Exact and approximate analytical solutions of the two- und three-dimensional radiative transfer equation

二维和三维辐射传递方程的精确和近似解析解

• 批准号: 284841045
• 负责人: Professor Dr. Alwin Kienle
• 金额: --
• 依托单位: Institut für Lasertechnologien in der Medizin und Meßtechnik an der Universität Ulm (ILM)
• 依托单位国家: 德国
• 项目类别: Research Grants
• 资助国家: 德国
• 项目状态: 未结题
• 来源: https://gepris.dfg.de/gepris/projekt/284841045?language=en
• 关键词: Exact; approximate; analytical; solutions; two

The radiative transfer equation (RTE) is the fundamental equation for describing light propagation in scattering media in the mesoscopic and macroscopic scales such as in biological media, in plastics, in paints, in stones, in soils, in the atmosphere or in the interstellar space. Usually, the RTE is solved by numerical approaches like the Monte Carlo method. Recently, however we succeeded in deriving analytical solutions to the RTE for different geometries and to some of its extensions, e.g. for the generalized RTE. The aim of the project is to derive further important analytical solutions to the RTE for a variety of geometries in all spatial frequency domains and in all spatial domains considering also the solutions for discrete numbers of scattering interactions. Furthermore, analytical solutions will be derived for the correlation RTE and the diffusion equation, an often used approximation of the RTE. The new analytical solutions will be validated with or compared to Monte Carlo simulations. Analytical solutions of the RTE will be combined to solutions of the heat conduction equation, to which also analytical solutions will be derived for different geometries. In addition, the new analytical solutions will be efficiently implemented, first, to study important applications in different technical and medical fields and, second, to make the solutions available to the interested user.
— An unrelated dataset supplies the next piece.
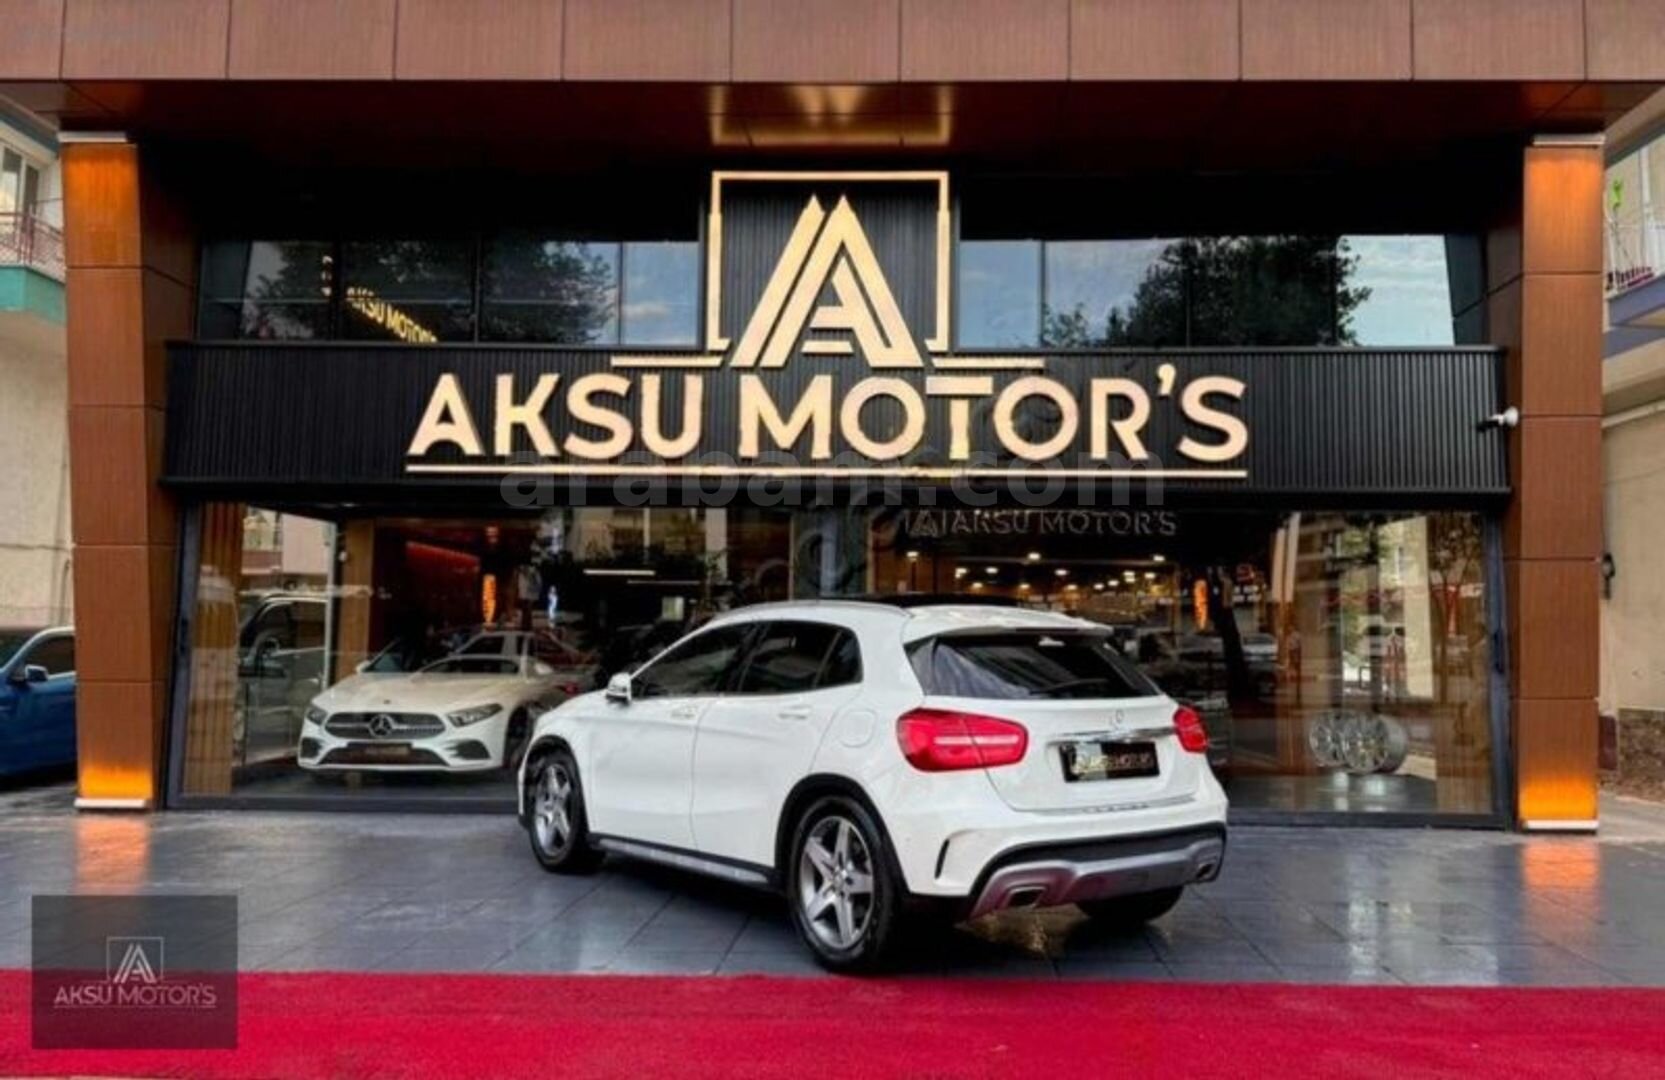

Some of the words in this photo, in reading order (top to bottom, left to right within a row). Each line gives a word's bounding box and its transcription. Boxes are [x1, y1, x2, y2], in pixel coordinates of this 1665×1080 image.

辐射传输方程(RTE)是描述光在介观和宏观尺度的散射介质中传播的基本方程，如生物介质、塑料、涂料、石头、土壤、大气或星际空间。通常用蒙特卡罗方法等数值方法来求解RTE。然而，最近我们成功地导出了不同几何形状的RTE的解析解，以及它的一些扩展，例如广义RTE。该项目的目的是在所有空间频率域和所有空间域中进一步推导各种几何形状的RTE的重要解析解，同时考虑离散数量的散射相互作用的解。此外，还将得到相关RTE和扩散方程的解析解，这是RTE的一个常用近似。新的解析解将通过蒙特卡罗模拟进行验证或与之进行比较。RTE的解析解将被合并为热传导方程的解，对其也将推导出不同几何形状的解析解。此外，新的分析解决方案将得到有效实施，第一，研究不同技术和医疗领域的重要应用，第二，向感兴趣的用户提供解决方案。